Warga Muara Bakti Pertanyakan Izin AMDAL Proyek Pipa BBM Cikampek-Plumpang
.jpg)
Sekretaris DPP LSM BALADAYA, Dian Surahman
BEKASI, MediaEkspresi.id – Proyek strategis pipanisasi Bahan Bakar Minyak (BBM) jalur Cikampek-Plumpang kini tengah menuai polemik. Warga Desa Muara Bakti, Kecamatan Babelan, Kabupaten Bekasi, secara terbuka menyuarakan kekhawatiran mereka terkait aspek legalitas lingkungan dan transparansi proyek yang dikerjakan oleh KSO PP Persero dan PT Pertamina Gas (Pertagas) tersebut.
Transparansi Proyek Dipertanyakan
Sekretaris DPP LSM BALADAYA, Dian Surahman, mengungkapkan bahwa proyek yang telah berjalan hampir satu bulan ini menyisakan tanda tanya besar di benak masyarakat. Menurutnya, pihak pemerintah desa pada awalnya terkesan tertutup mengenai kehadiran investor maupun pelaksana proyek di wilayah mereka.
"Kami menaruh kecurigaan atas kehadiran investasi ini karena pemerintah desa awalnya tidak transparan mengenai kedatangan PT Pertamina Gas dan kontraktor pelaksana," ujar Dian dalam keterangannya, Jumat (6/3/2026).
Soroti Dokumen AMDAL dan Partisipasi Publik
Inti dari keberatan warga terletak pada tidak adanya keterbukaan informasi mengenai dokumen perencanaan aktivitas penanaman pipa.

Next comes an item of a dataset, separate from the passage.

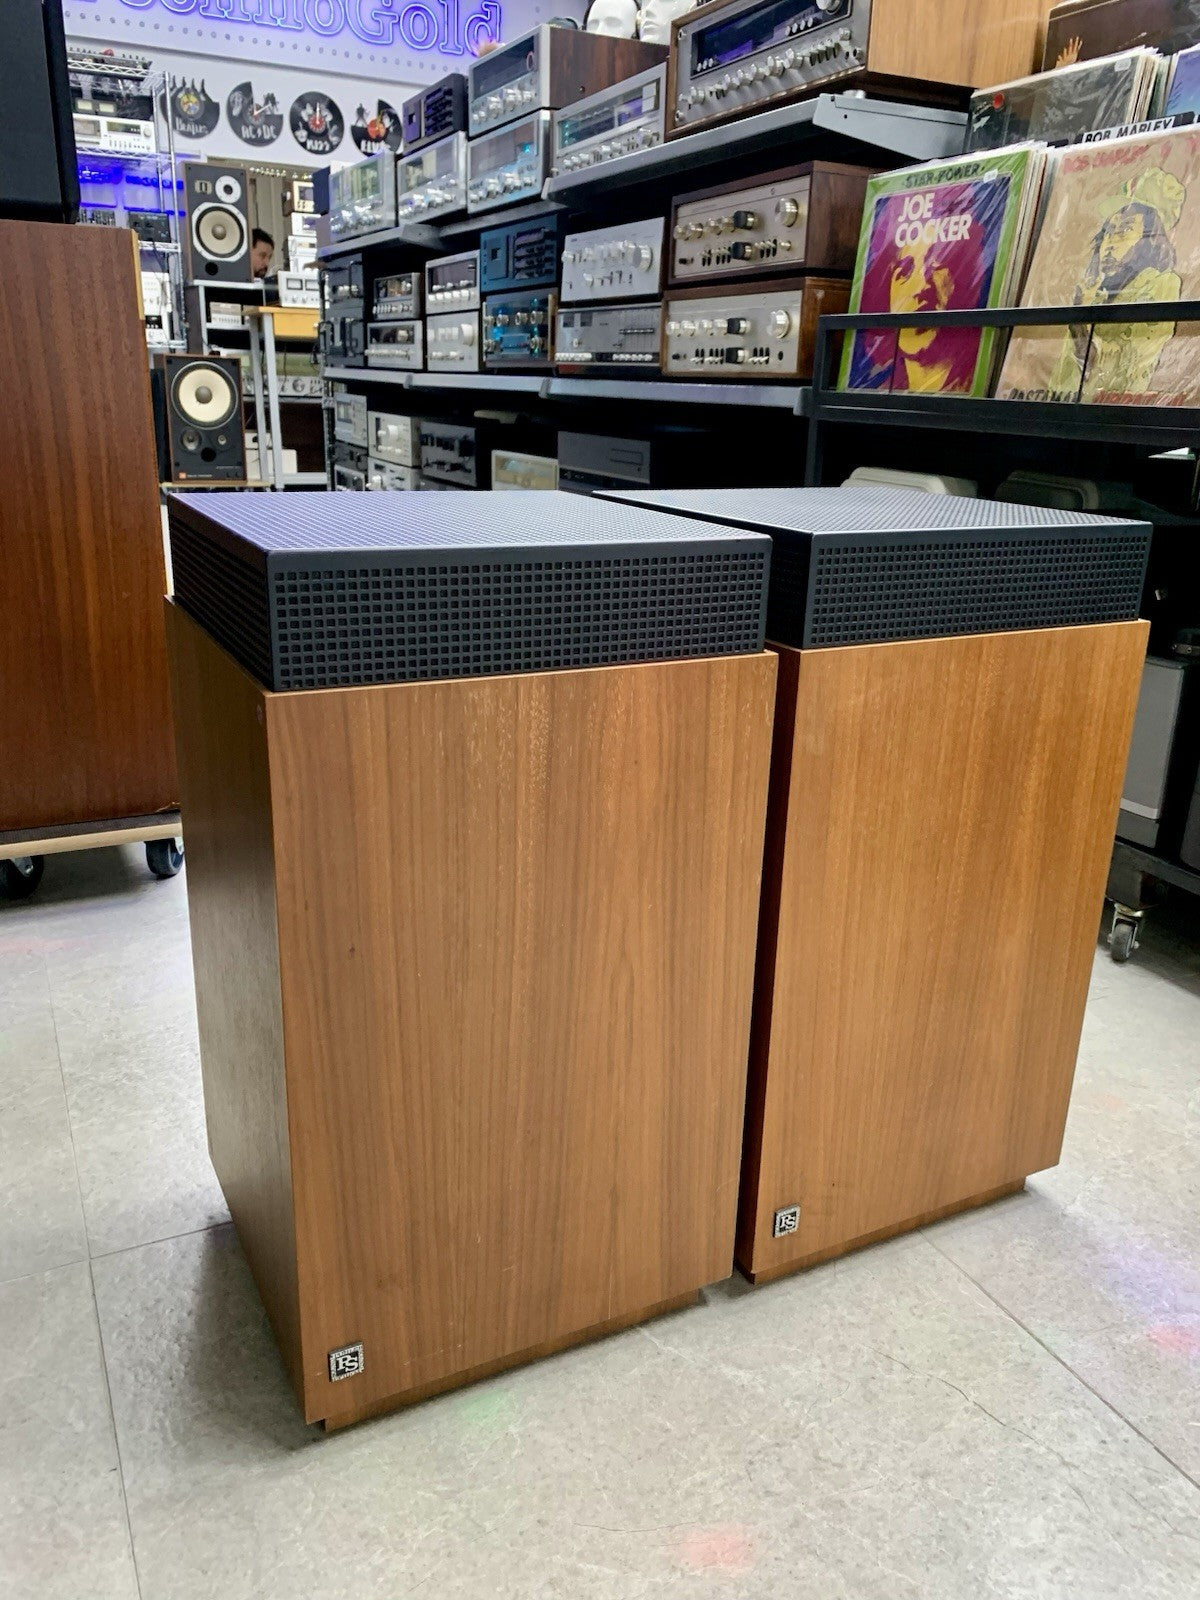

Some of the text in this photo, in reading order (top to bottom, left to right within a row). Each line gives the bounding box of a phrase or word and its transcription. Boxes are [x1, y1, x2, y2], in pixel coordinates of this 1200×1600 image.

[1084, 118, 1173, 143] BOB MARLEY
[938, 163, 980, 183] POWER
[897, 192, 936, 222] JOE
[895, 214, 973, 248] COCKER

Hingga saat ini, warga mengaku belum melihat dokumen Analisis Dampak Lingkungan Hidup (AMDAL) yang seharusnya menjadi dasar pijakan proyek berskala besar tersebut.
"Hanya ada berita acara sosialisasi yang sudah ditandatangani oleh kepala desa, PP Persero, dan PT Pertamina Gas. Namun, dokumen teknis dan izin lingkungan lainnya tidak pernah diperlihatkan kepada kami," tambah Dian.

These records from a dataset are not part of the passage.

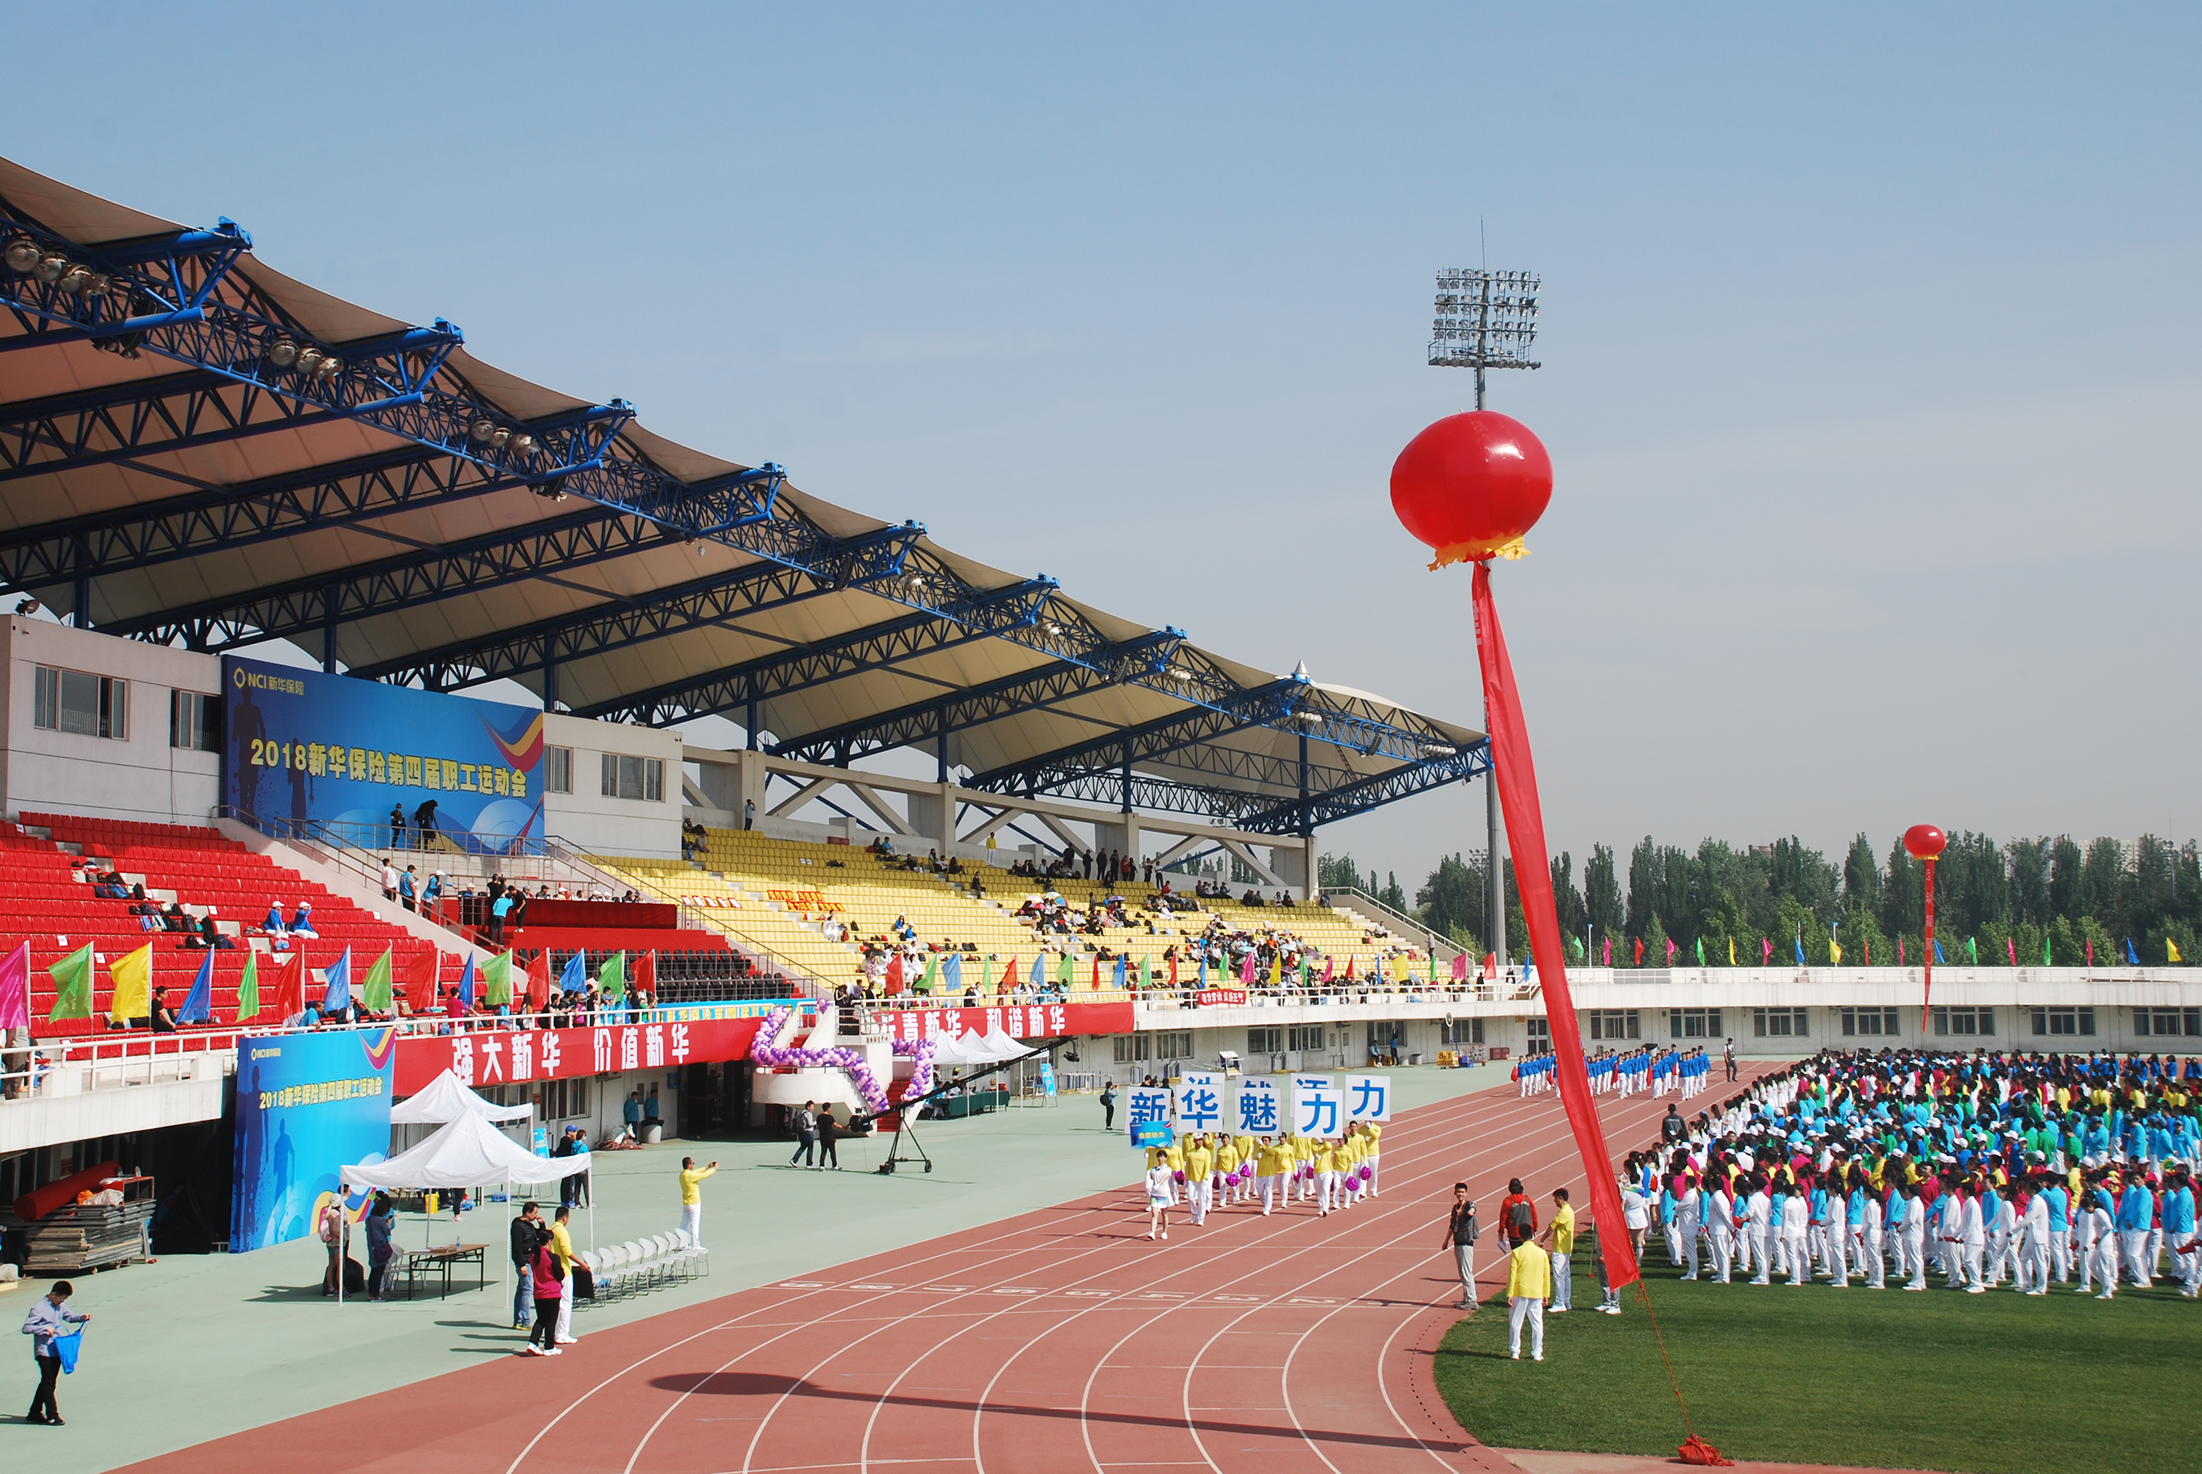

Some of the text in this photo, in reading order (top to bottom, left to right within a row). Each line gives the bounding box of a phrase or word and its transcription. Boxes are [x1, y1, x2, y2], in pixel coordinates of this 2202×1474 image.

[248, 672, 305, 696] NCI 新华保险
[250, 738, 528, 799] 2018新华保险第四届职工运动会
[986, 1004, 1066, 1038] 和谐新华
[452, 1023, 690, 1086] 强大新华 价值新华
[259, 1076, 382, 1109] 2018新华保险第四届职工运动会
[1352, 1080, 1385, 1117] 力

Berdasarkan Undang-Undang No. 32 Tahun 2009 tentang Perlindungan dan Pengelolaan Lingkungan Hidup, setiap usaha atau kegiatan yang berdampak penting terhadap lingkungan hidup wajib memiliki AMDAL. Regulasi ini juga menegaskan pentingnya pelibatan partisipasi masyarakat dalam proses pengambilan keputusan guna menjamin perlindungan ruang hidup warga setempat.
Tuntutan Warga
Warga Desa Muara Bakti mendesak pihak PT Pertamina Gas dan PP Persero untuk segera memberikan klarifikasi resmi mengenai status izin lingkungan proyek tersebut. Mereka berharap pembangunan infrastruktur energi ini tidak mengabaikan hak-hak warga terdampak dan tetap mengedepankan kelestarian lingkungan di wilayah Babelan.
Hingga berita ini diturunkan, pihak terkait belum memberikan pernyataan resmi mengenai keluhan yang disampaikan oleh warga Desa Muara Bakti.